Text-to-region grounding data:
>>>>>

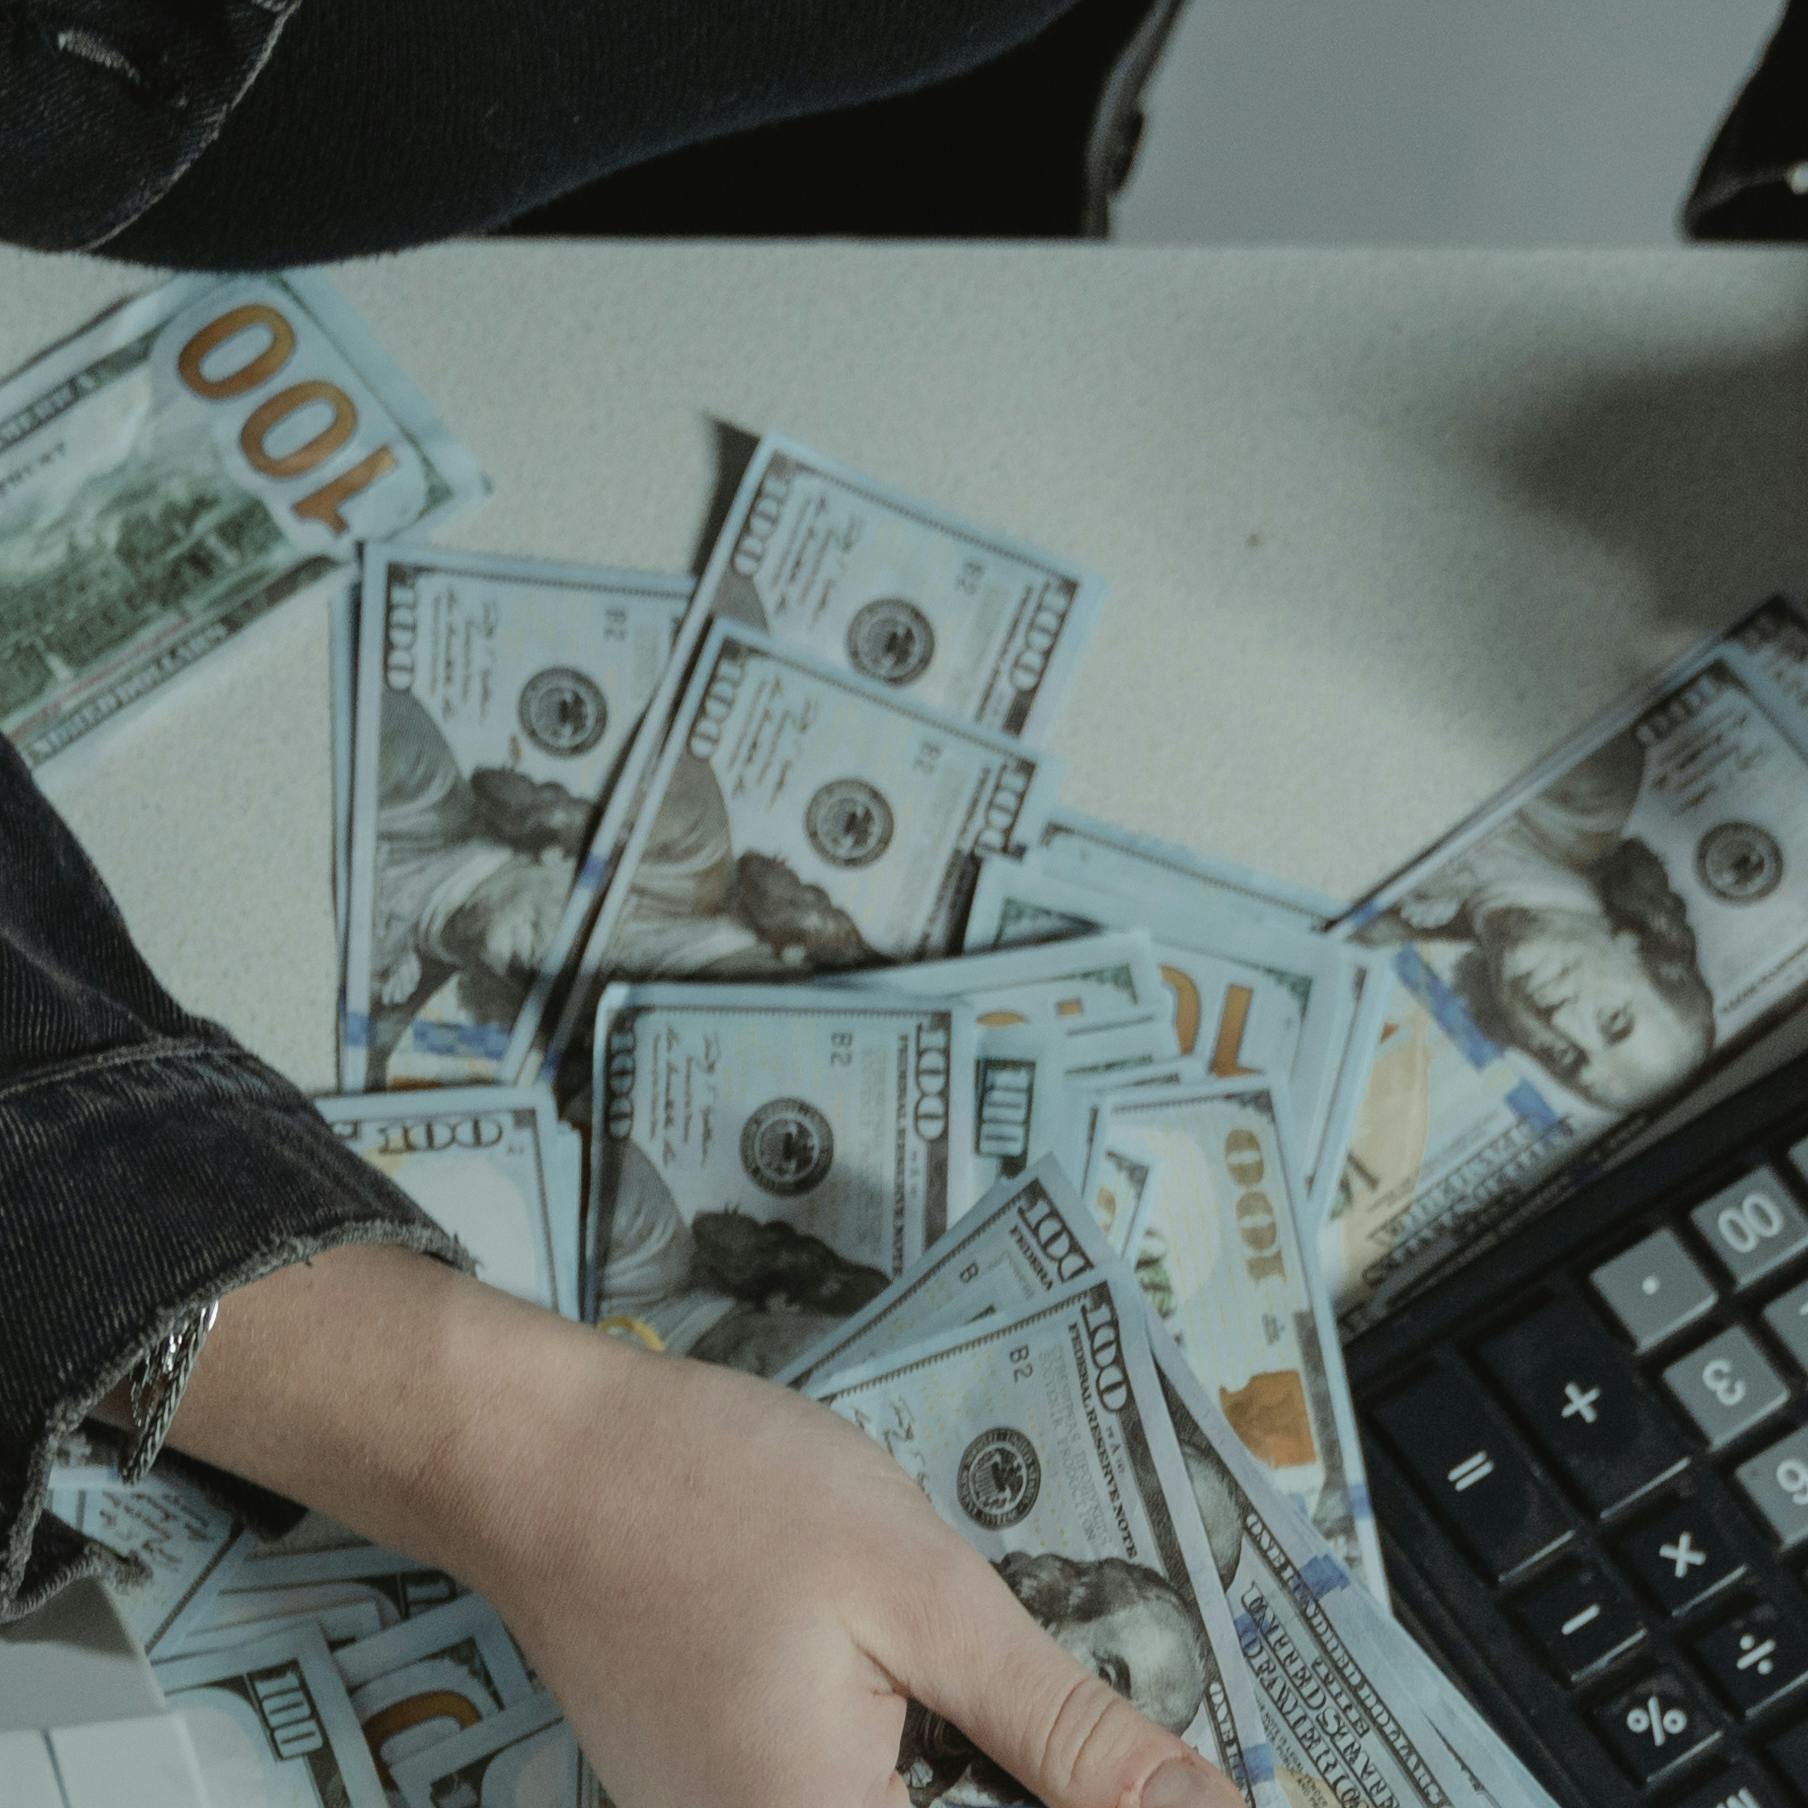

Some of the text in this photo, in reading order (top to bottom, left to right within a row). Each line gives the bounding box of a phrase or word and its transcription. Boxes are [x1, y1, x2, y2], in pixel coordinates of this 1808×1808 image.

[179, 304, 399, 534] 100
[729, 478, 793, 578] 100
[383, 590, 417, 686] 100
[1007, 587, 1073, 693] 100
[689, 652, 745, 760] 100
[975, 762, 1027, 857] 100
[829, 1030, 853, 1068] B2
[906, 1024, 945, 1143] 100
[1224, 1128, 1286, 1284] 100
[1718, 1194, 1784, 1254] 00
[1005, 1344, 1039, 1383] B2
[1077, 1295, 1142, 1412] 100
[1703, 1359, 1745, 1407] 3
[1064, 1319, 1138, 1556] FEDERAL RESERVE NOTE
[1234, 1585, 1333, 1716] UNITED
[1238, 1510, 1448, 1807] ONE HUNDRED DOLLARS
[249, 1666, 326, 1764] 100
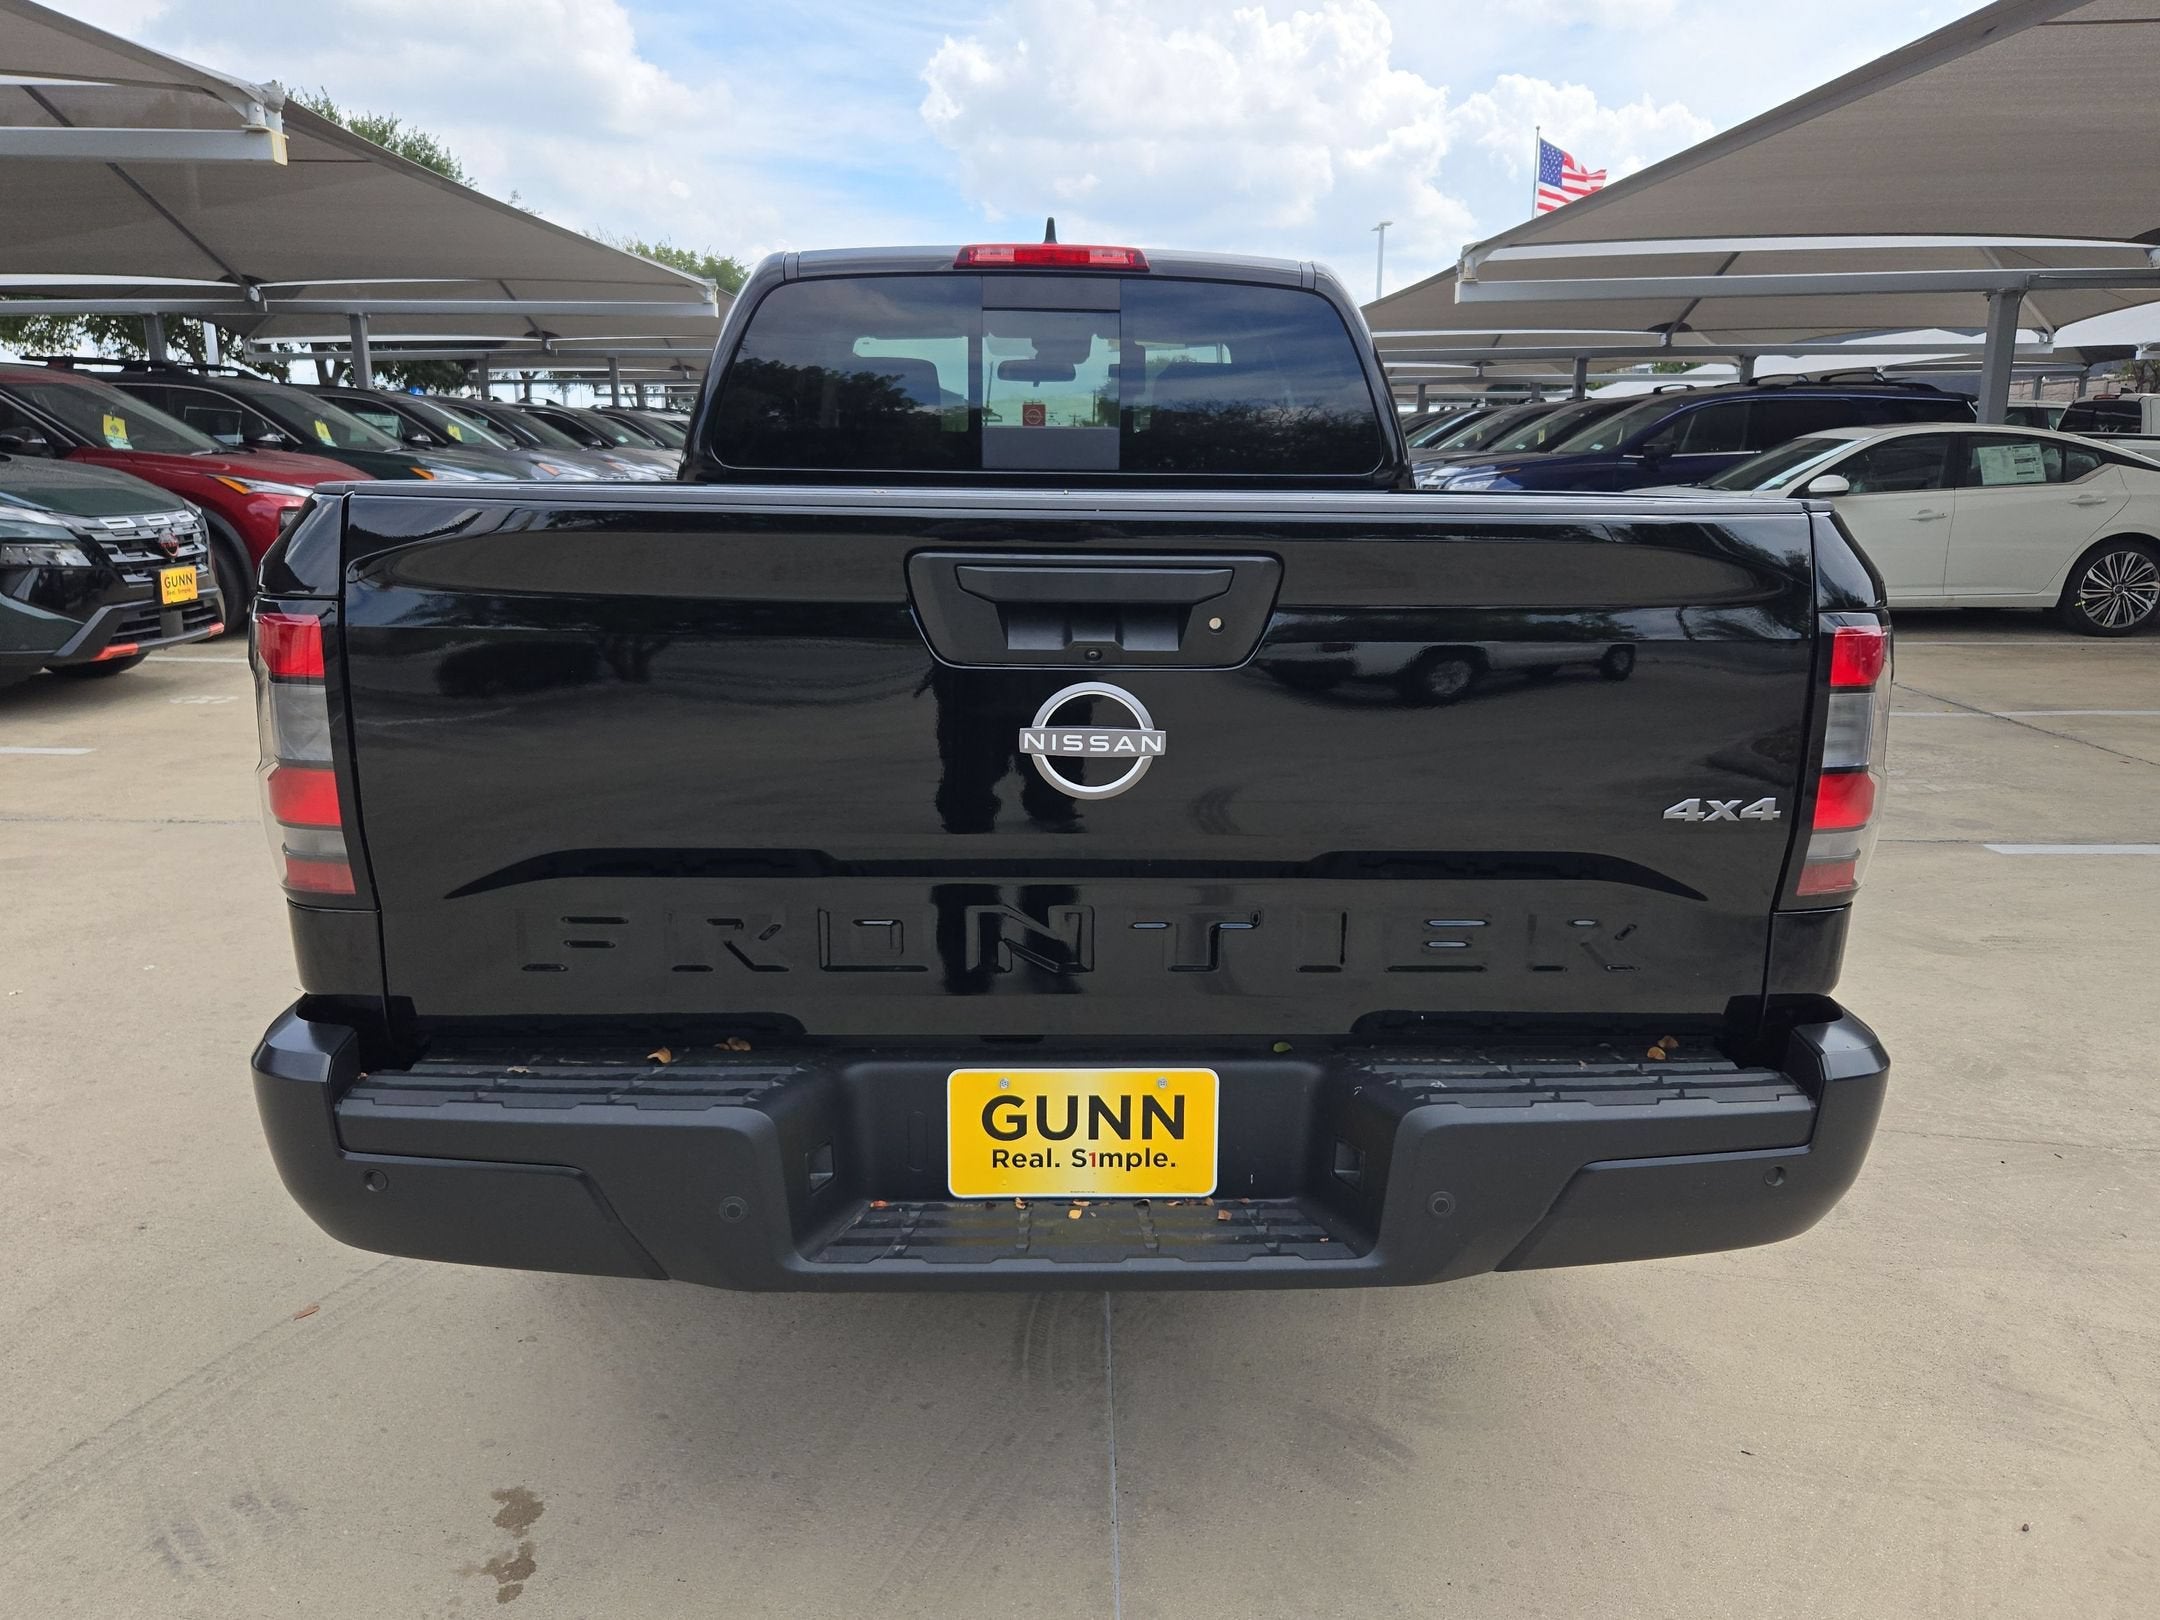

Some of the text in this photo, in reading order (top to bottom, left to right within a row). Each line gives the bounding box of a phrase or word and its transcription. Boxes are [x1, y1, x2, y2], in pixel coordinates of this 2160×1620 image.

[164, 573, 193, 589] GUNN
[1023, 732, 1162, 753] NISSAN
[517, 904, 1640, 973] FRONTIER
[981, 1094, 1186, 1142] GUNN
[991, 1148, 1061, 1169] Real.

<<<<<

**Work to complete**: Reproduce every entry exactly, but omit each picture.

**Solution below**:
Some of the text in this photo, in reading order (top to bottom, left to right within a row). Each line gives the bounding box of a phrase or word and its transcription. Boxes are [x1, y1, x2, y2], in pixel coordinates of this 1808×1808 image.

[179, 304, 399, 534] 100
[729, 478, 793, 578] 100
[383, 590, 417, 686] 100
[1007, 587, 1073, 693] 100
[689, 652, 745, 760] 100
[975, 762, 1027, 857] 100
[829, 1030, 853, 1068] B2
[906, 1024, 945, 1143] 100
[1224, 1128, 1286, 1284] 100
[1718, 1194, 1784, 1254] 00
[1005, 1344, 1039, 1383] B2
[1077, 1295, 1142, 1412] 100
[1703, 1359, 1745, 1407] 3
[1064, 1319, 1138, 1556] FEDERAL RESERVE NOTE
[1234, 1585, 1333, 1716] UNITED
[1238, 1510, 1448, 1807] ONE HUNDRED DOLLARS
[249, 1666, 326, 1764] 100

Some of the text in this photo, in reading order (top to bottom, left to right within a row). Each line gives the bounding box of a phrase or word and its transcription. Boxes are [x1, y1, x2, y2], in pixel coordinates of this 2160×1620 image.

[164, 573, 193, 589] GUNN
[1023, 732, 1162, 753] NISSAN
[517, 904, 1640, 973] FRONTIER
[981, 1094, 1186, 1142] GUNN
[991, 1148, 1061, 1169] Real.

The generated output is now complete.